1) having yet another thing to charge is annoying, when for decades, they have been powered by the device right in my pocket anyway.

2) Bluetooth drains phone battery faster. A tiny bit, but still.

3) In the case of earbuds, I hadn't found any that stay in my ears other than ones that hook on to the outside of my ears, which means if one pops out, it's hitting the ground, with a high likelihood of getting lost, broken, or stepped on. When connected to a cable, one is much more likely able to catch it.

4) higher cost for equivalent sound quality

5) similar to "charging", but specific enough to warrant it's own line: running out of juice right in the middle of something, and not being able to use them until you can charge them again. Really sucks when you're on a call with work or with your doctor, or out-and-about and without a charger. Think of how annoying the Apple magic mouse is, how you can't use it while itxs charging, so you scramble to charge it for 2 minutes, hoping itxs enough to get you through the end of what you were doing without running out again, then having to charge it again, longer, to get through to the end of the day.

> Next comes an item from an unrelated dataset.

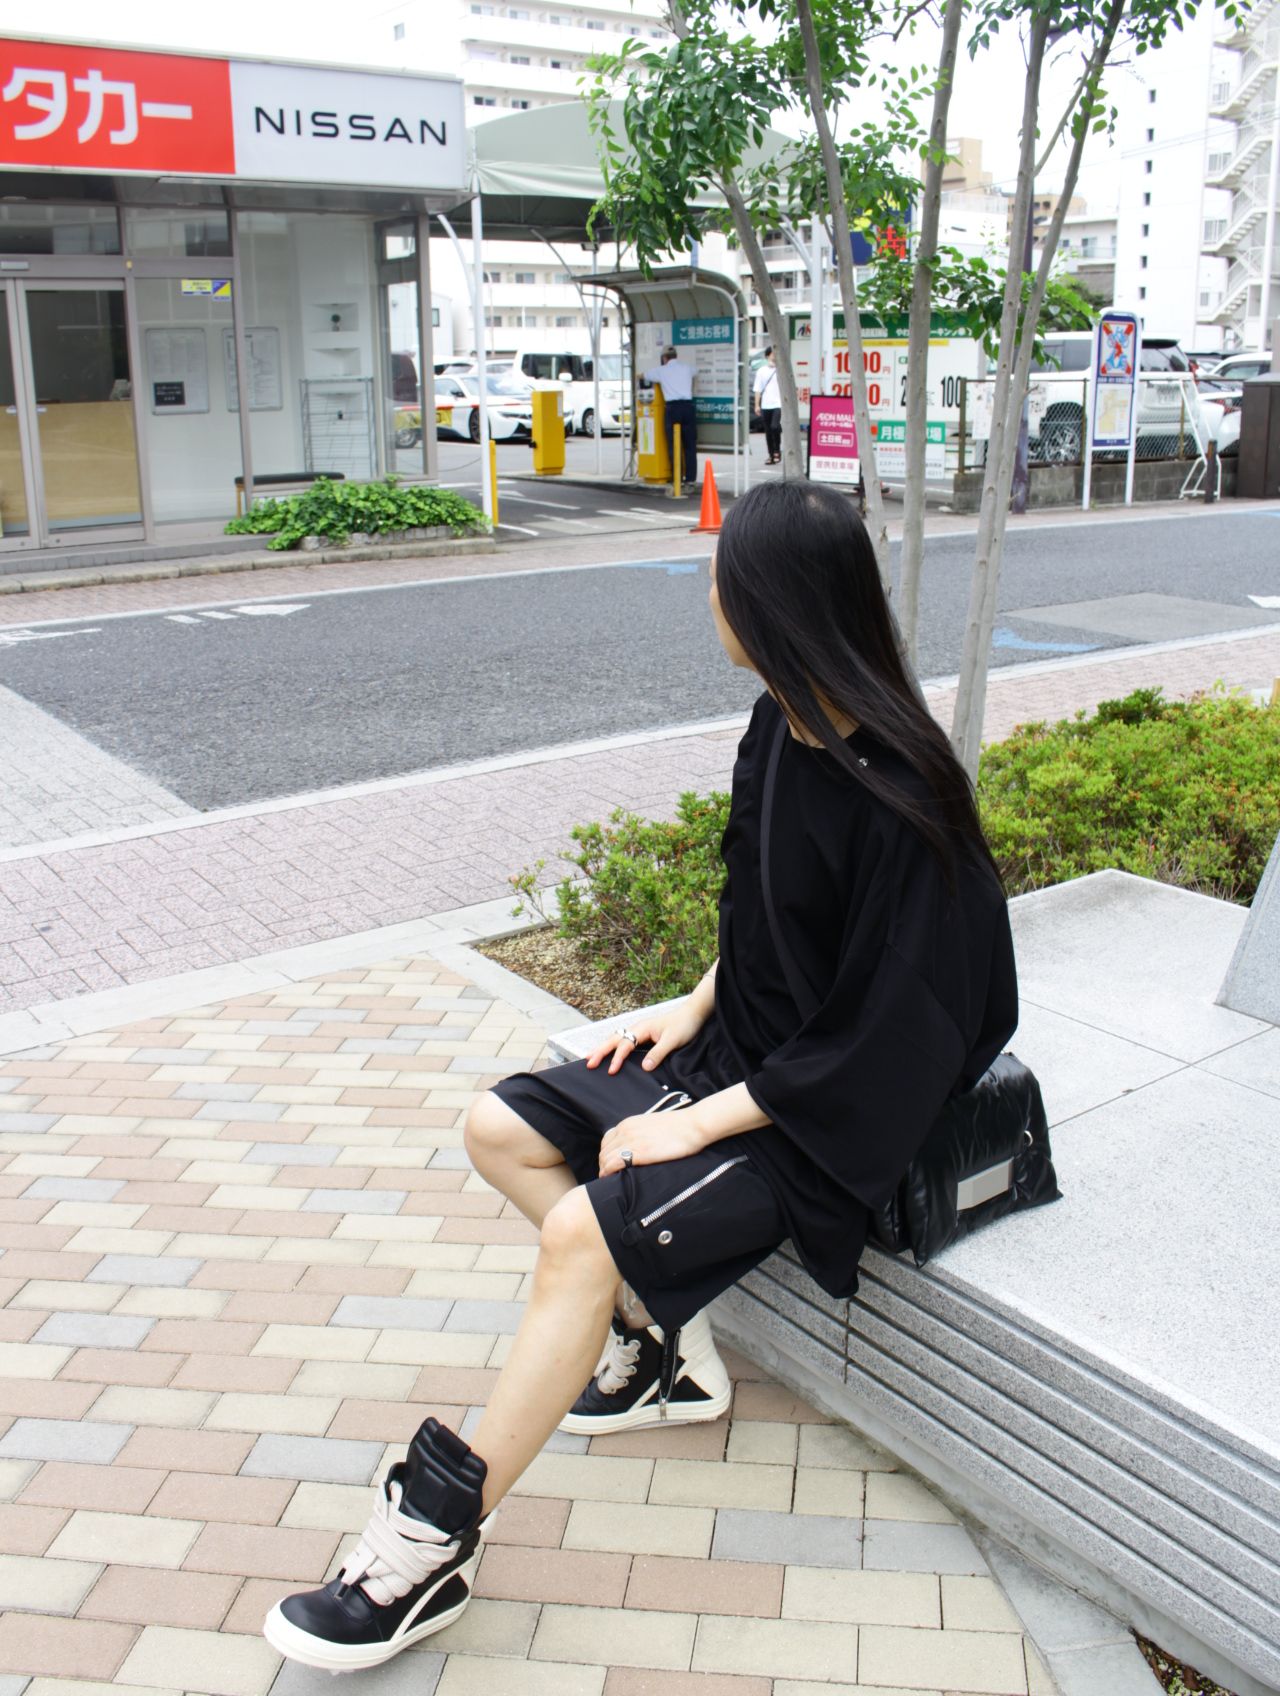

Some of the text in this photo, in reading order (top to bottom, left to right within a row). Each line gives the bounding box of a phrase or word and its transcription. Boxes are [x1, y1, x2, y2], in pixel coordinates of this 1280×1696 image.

6) if the earphones don't have multipoint, it's so much slower to switch devices.

7) intermittent signal loss, even as rare as it is, isn't a thing with wired.

If these same earbuds were availble in an identical wired version, I would have bought them instead.
 

StevenC

Javier Strat 7 2024
Joined
Mar 19, 2012
Messages
7,824
Reaction score
9,477
Location
Northern Ireland
I have actually completely switched to all true wireless headphones and didn't look back frankly. The awesomeness of setting your phone across the room and having a single ear bud in without a dangling wire or other bud is awesome. For work it's amazing.

Why do people not like wireless headphones? The charging aspect? Actual question, here.
Bluetooth is inherently lossy and it's easier to fit a good DAC and amp in a phone than something that has to sit in one's ear.